* [MATERIAL SHOWN]:
===

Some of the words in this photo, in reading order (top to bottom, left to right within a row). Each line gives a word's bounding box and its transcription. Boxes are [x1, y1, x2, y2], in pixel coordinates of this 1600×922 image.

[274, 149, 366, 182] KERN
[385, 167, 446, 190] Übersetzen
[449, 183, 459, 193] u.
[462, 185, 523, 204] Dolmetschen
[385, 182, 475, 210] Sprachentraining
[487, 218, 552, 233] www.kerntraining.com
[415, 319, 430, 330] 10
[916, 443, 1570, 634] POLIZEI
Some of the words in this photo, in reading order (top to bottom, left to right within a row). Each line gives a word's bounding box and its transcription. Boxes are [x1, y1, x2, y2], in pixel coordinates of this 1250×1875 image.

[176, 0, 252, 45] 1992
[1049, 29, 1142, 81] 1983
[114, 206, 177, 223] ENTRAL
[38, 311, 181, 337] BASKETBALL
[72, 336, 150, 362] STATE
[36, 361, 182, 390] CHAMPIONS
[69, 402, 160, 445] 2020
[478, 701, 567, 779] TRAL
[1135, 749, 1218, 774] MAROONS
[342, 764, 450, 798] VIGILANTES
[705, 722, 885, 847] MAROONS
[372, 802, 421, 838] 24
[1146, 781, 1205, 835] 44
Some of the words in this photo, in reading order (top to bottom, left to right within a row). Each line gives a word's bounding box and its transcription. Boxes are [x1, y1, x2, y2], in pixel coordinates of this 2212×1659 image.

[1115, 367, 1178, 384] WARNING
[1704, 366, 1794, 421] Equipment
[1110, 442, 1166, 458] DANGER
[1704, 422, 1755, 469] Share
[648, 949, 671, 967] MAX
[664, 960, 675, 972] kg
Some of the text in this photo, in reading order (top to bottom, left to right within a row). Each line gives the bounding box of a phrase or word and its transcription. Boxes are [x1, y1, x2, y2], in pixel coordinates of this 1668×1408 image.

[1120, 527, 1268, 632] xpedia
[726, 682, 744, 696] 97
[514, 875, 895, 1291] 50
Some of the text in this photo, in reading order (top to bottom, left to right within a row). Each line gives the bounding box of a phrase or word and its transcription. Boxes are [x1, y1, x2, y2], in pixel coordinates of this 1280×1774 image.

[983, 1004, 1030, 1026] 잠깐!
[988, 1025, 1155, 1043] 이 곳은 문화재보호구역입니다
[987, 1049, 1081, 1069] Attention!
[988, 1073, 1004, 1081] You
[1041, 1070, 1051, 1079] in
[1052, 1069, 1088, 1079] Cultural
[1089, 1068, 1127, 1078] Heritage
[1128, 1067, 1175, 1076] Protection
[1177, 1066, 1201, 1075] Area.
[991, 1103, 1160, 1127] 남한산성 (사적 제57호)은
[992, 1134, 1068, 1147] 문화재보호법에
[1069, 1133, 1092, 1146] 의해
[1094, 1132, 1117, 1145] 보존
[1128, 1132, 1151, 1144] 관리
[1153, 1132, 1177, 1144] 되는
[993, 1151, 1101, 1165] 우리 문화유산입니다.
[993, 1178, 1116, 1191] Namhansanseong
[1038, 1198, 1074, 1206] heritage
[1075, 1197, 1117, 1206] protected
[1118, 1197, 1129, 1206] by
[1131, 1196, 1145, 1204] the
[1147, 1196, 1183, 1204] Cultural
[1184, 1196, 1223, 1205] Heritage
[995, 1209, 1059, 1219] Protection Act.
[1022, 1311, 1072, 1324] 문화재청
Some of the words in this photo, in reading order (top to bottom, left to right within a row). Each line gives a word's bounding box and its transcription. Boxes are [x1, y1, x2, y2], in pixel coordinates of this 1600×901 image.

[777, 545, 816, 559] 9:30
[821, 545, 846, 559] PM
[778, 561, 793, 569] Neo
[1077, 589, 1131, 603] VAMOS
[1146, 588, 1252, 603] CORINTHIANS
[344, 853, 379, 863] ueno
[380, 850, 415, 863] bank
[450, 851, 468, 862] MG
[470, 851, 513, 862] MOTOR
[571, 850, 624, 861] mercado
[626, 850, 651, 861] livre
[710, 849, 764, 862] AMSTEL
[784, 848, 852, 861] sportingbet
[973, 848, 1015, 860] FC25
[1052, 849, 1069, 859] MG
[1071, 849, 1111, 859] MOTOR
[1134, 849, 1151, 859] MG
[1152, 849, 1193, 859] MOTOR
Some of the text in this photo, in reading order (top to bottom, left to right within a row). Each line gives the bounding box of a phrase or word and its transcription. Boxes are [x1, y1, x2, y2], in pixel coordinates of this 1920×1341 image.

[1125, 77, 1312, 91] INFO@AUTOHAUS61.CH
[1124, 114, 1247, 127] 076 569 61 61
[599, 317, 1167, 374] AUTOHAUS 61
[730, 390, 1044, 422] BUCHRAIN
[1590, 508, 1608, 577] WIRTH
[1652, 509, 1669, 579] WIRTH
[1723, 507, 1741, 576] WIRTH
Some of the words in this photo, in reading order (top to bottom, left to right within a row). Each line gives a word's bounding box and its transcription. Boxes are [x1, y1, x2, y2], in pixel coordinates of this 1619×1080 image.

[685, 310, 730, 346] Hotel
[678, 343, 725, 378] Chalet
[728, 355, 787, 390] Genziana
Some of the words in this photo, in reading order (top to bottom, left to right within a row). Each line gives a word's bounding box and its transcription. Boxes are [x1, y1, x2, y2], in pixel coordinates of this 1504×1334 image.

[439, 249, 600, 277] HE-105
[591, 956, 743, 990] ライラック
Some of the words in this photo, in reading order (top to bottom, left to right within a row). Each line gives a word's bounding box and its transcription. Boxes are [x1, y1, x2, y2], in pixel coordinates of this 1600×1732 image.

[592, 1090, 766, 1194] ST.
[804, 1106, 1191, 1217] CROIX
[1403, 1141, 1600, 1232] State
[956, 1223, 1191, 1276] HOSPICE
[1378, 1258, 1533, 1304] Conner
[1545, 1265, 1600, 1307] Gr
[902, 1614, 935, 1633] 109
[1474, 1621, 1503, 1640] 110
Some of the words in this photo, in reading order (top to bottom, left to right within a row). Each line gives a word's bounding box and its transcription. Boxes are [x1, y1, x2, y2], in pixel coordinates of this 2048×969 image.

===

* [WHAT TO WORK ON]: Copy out all the records exactly.

* [TASK SOLUTION]:
Some of the words in this photo, in reading order (top to bottom, left to right within a row). Each line gives a word's bounding box and its transcription. Boxes are [x1, y1, x2, y2], in pixel coordinates of this 1600×922 image.

[274, 149, 366, 182] KERN
[385, 167, 446, 190] Übersetzen
[449, 183, 459, 193] u.
[462, 185, 523, 204] Dolmetschen
[385, 182, 475, 210] Sprachentraining
[487, 218, 552, 233] www.kerntraining.com
[415, 319, 430, 330] 10
[916, 443, 1570, 634] POLIZEI
Some of the words in this photo, in reading order (top to bottom, left to right within a row). Each line gives a word's bounding box and its transcription. Boxes are [x1, y1, x2, y2], in pixel coordinates of this 1250×1875 image.

[176, 0, 252, 45] 1992
[1049, 29, 1142, 81] 1983
[114, 206, 177, 223] ENTRAL
[38, 311, 181, 337] BASKETBALL
[72, 336, 150, 362] STATE
[36, 361, 182, 390] CHAMPIONS
[69, 402, 160, 445] 2020
[478, 701, 567, 779] TRAL
[1135, 749, 1218, 774] MAROONS
[342, 764, 450, 798] VIGILANTES
[705, 722, 885, 847] MAROONS
[372, 802, 421, 838] 24
[1146, 781, 1205, 835] 44
Some of the words in this photo, in reading order (top to bottom, left to right within a row). Each line gives a word's bounding box and its transcription. Boxes are [x1, y1, x2, y2], in pixel coordinates of this 2212×1659 image.

[1115, 367, 1178, 384] WARNING
[1704, 366, 1794, 421] Equipment
[1110, 442, 1166, 458] DANGER
[1704, 422, 1755, 469] Share
[648, 949, 671, 967] MAX
[664, 960, 675, 972] kg
Some of the text in this photo, in reading order (top to bottom, left to right within a row). Each line gives the bounding box of a phrase or word and its transcription. Boxes are [x1, y1, x2, y2], in pixel coordinates of this 1668×1408 image.

[1120, 527, 1268, 632] xpedia
[726, 682, 744, 696] 97
[514, 875, 895, 1291] 50
Some of the text in this photo, in reading order (top to bottom, left to right within a row). Each line gives the bounding box of a phrase or word and its transcription. Boxes are [x1, y1, x2, y2], in pixel coordinates of this 1280×1774 image.

[983, 1004, 1030, 1026] 잠깐!
[988, 1025, 1155, 1043] 이 곳은 문화재보호구역입니다
[987, 1049, 1081, 1069] Attention!
[988, 1073, 1004, 1081] You
[1041, 1070, 1051, 1079] in
[1052, 1069, 1088, 1079] Cultural
[1089, 1068, 1127, 1078] Heritage
[1128, 1067, 1175, 1076] Protection
[1177, 1066, 1201, 1075] Area.
[991, 1103, 1160, 1127] 남한산성 (사적 제57호)은
[992, 1134, 1068, 1147] 문화재보호법에
[1069, 1133, 1092, 1146] 의해
[1094, 1132, 1117, 1145] 보존
[1128, 1132, 1151, 1144] 관리
[1153, 1132, 1177, 1144] 되는
[993, 1151, 1101, 1165] 우리 문화유산입니다.
[993, 1178, 1116, 1191] Namhansanseong
[1038, 1198, 1074, 1206] heritage
[1075, 1197, 1117, 1206] protected
[1118, 1197, 1129, 1206] by
[1131, 1196, 1145, 1204] the
[1147, 1196, 1183, 1204] Cultural
[1184, 1196, 1223, 1205] Heritage
[995, 1209, 1059, 1219] Protection Act.
[1022, 1311, 1072, 1324] 문화재청
Some of the words in this photo, in reading order (top to bottom, left to right within a row). Each line gives a word's bounding box and its transcription. Boxes are [x1, y1, x2, y2], in pixel coordinates of this 1600×901 image.

[777, 545, 816, 559] 9:30
[821, 545, 846, 559] PM
[778, 561, 793, 569] Neo
[1077, 589, 1131, 603] VAMOS
[1146, 588, 1252, 603] CORINTHIANS
[344, 853, 379, 863] ueno
[380, 850, 415, 863] bank
[450, 851, 468, 862] MG
[470, 851, 513, 862] MOTOR
[571, 850, 624, 861] mercado
[626, 850, 651, 861] livre
[710, 849, 764, 862] AMSTEL
[784, 848, 852, 861] sportingbet
[973, 848, 1015, 860] FC25
[1052, 849, 1069, 859] MG
[1071, 849, 1111, 859] MOTOR
[1134, 849, 1151, 859] MG
[1152, 849, 1193, 859] MOTOR
Some of the text in this photo, in reading order (top to bottom, left to right within a row). Each line gives the bounding box of a phrase or word and its transcription. Boxes are [x1, y1, x2, y2], in pixel coordinates of this 1920×1341 image.

[1125, 77, 1312, 91] INFO@AUTOHAUS61.CH
[1124, 114, 1247, 127] 076 569 61 61
[599, 317, 1167, 374] AUTOHAUS 61
[730, 390, 1044, 422] BUCHRAIN
[1590, 508, 1608, 577] WIRTH
[1652, 509, 1669, 579] WIRTH
[1723, 507, 1741, 576] WIRTH
Some of the words in this photo, in reading order (top to bottom, left to right within a row). Each line gives a word's bounding box and its transcription. Boxes are [x1, y1, x2, y2], in pixel coordinates of this 1619×1080 image.

[685, 310, 730, 346] Hotel
[678, 343, 725, 378] Chalet
[728, 355, 787, 390] Genziana
Some of the words in this photo, in reading order (top to bottom, left to right within a row). Each line gives a word's bounding box and its transcription. Boxes are [x1, y1, x2, y2], in pixel coordinates of this 1504×1334 image.

[439, 249, 600, 277] HE-105
[591, 956, 743, 990] ライラック
Some of the words in this photo, in reading order (top to bottom, left to right within a row). Each line gives a word's bounding box and its transcription. Boxes are [x1, y1, x2, y2], in pixel coordinates of this 1600×1732 image.

[592, 1090, 766, 1194] ST.
[804, 1106, 1191, 1217] CROIX
[1403, 1141, 1600, 1232] State
[956, 1223, 1191, 1276] HOSPICE
[1378, 1258, 1533, 1304] Conner
[1545, 1265, 1600, 1307] Gr
[902, 1614, 935, 1633] 109
[1474, 1621, 1503, 1640] 110
Some of the words in this photo, in reading order (top to bottom, left to right within a row). Each line gives a word's bounding box and its transcription. Boxes are [x1, y1, x2, y2], in pixel coordinates of this 2048×969 image.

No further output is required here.